Phrase grounding data:
* * * *

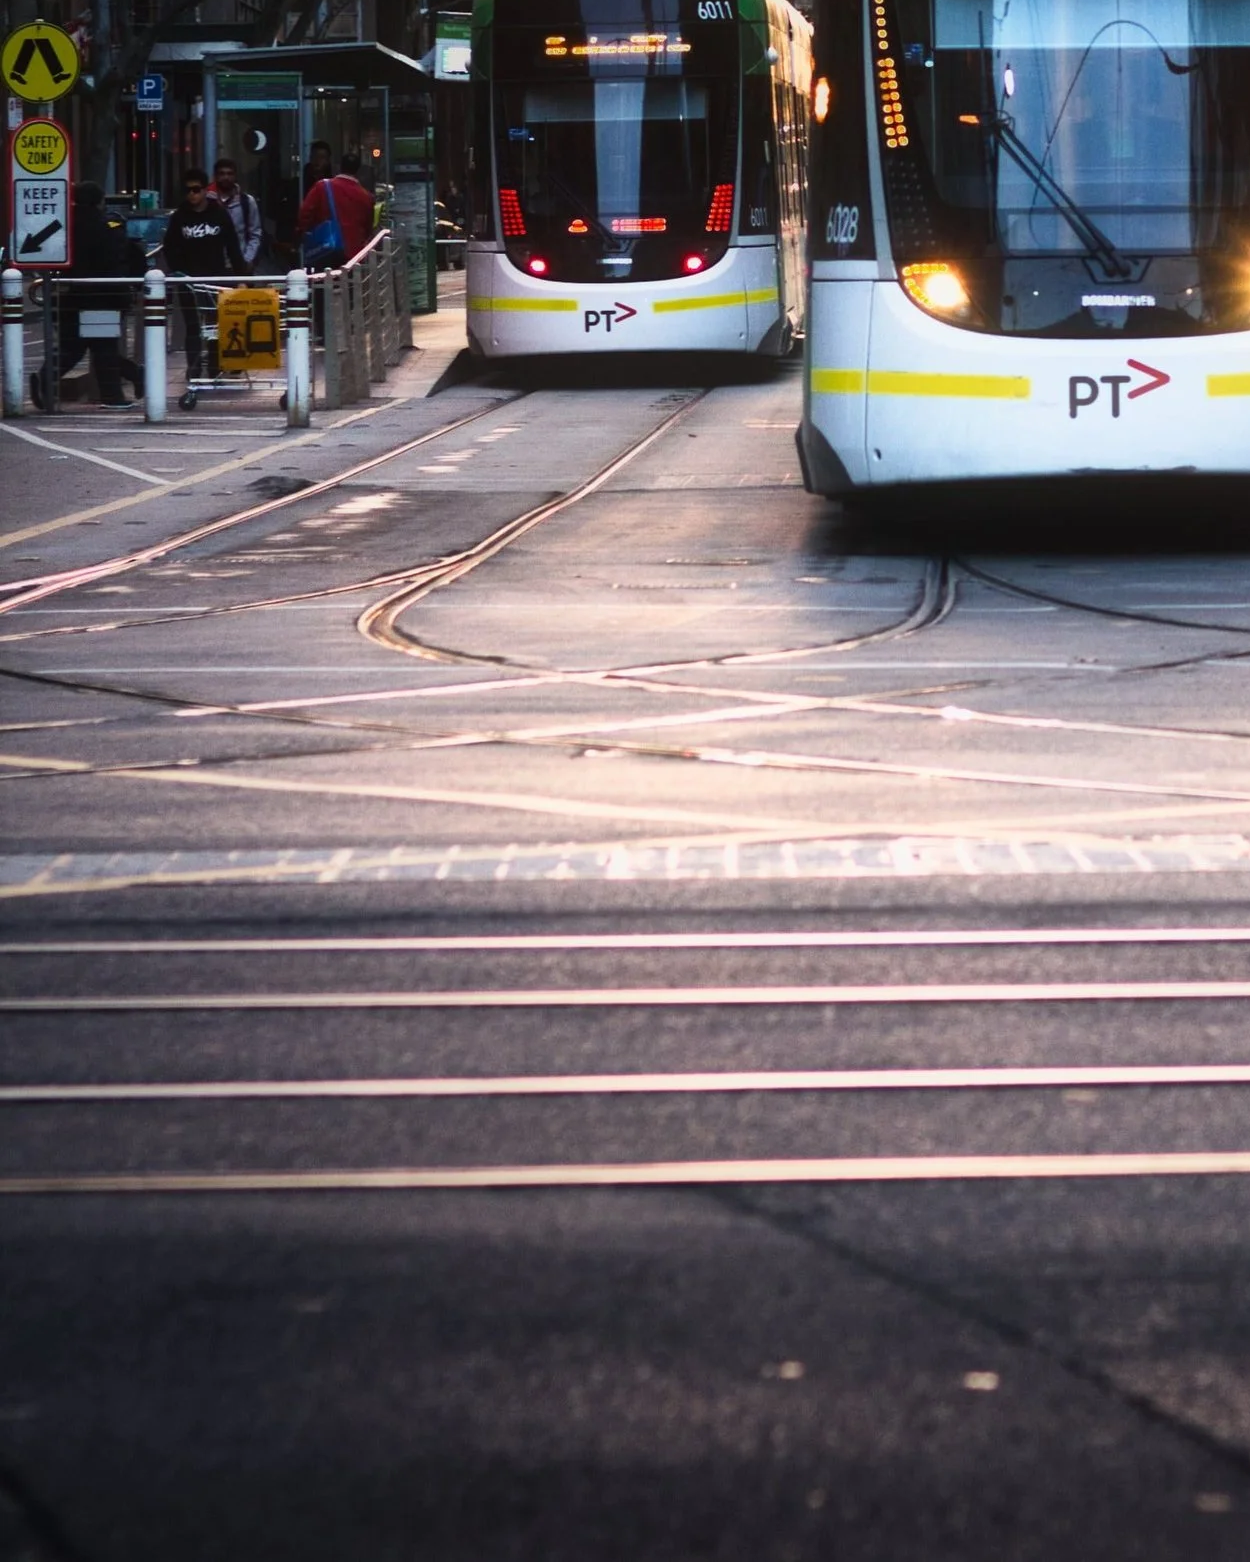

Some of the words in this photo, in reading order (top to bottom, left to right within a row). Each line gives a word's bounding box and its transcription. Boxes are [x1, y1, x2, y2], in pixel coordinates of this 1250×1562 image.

[697, 0, 734, 19] 6011
[143, 79, 156, 95] P
[21, 136, 59, 149] SAFETY
[27, 152, 54, 165] ZONE
[23, 188, 58, 200] KEEP
[24, 204, 58, 215] LEFT
[825, 204, 859, 244] 6028

* * * *

ACTIVITY: The records are to be retyped in full and exactly, with no image carried over.

SOLUTION TO THE PROBLEM:
Some of the words in this photo, in reading order (top to bottom, left to right within a row). Each line gives a word's bounding box and its transcription. Boxes are [x1, y1, x2, y2], in pixel coordinates of this 1250×1562 image.

[697, 0, 734, 19] 6011
[143, 79, 156, 95] P
[21, 136, 59, 149] SAFETY
[27, 152, 54, 165] ZONE
[23, 188, 58, 200] KEEP
[24, 204, 58, 215] LEFT
[825, 204, 859, 244] 6028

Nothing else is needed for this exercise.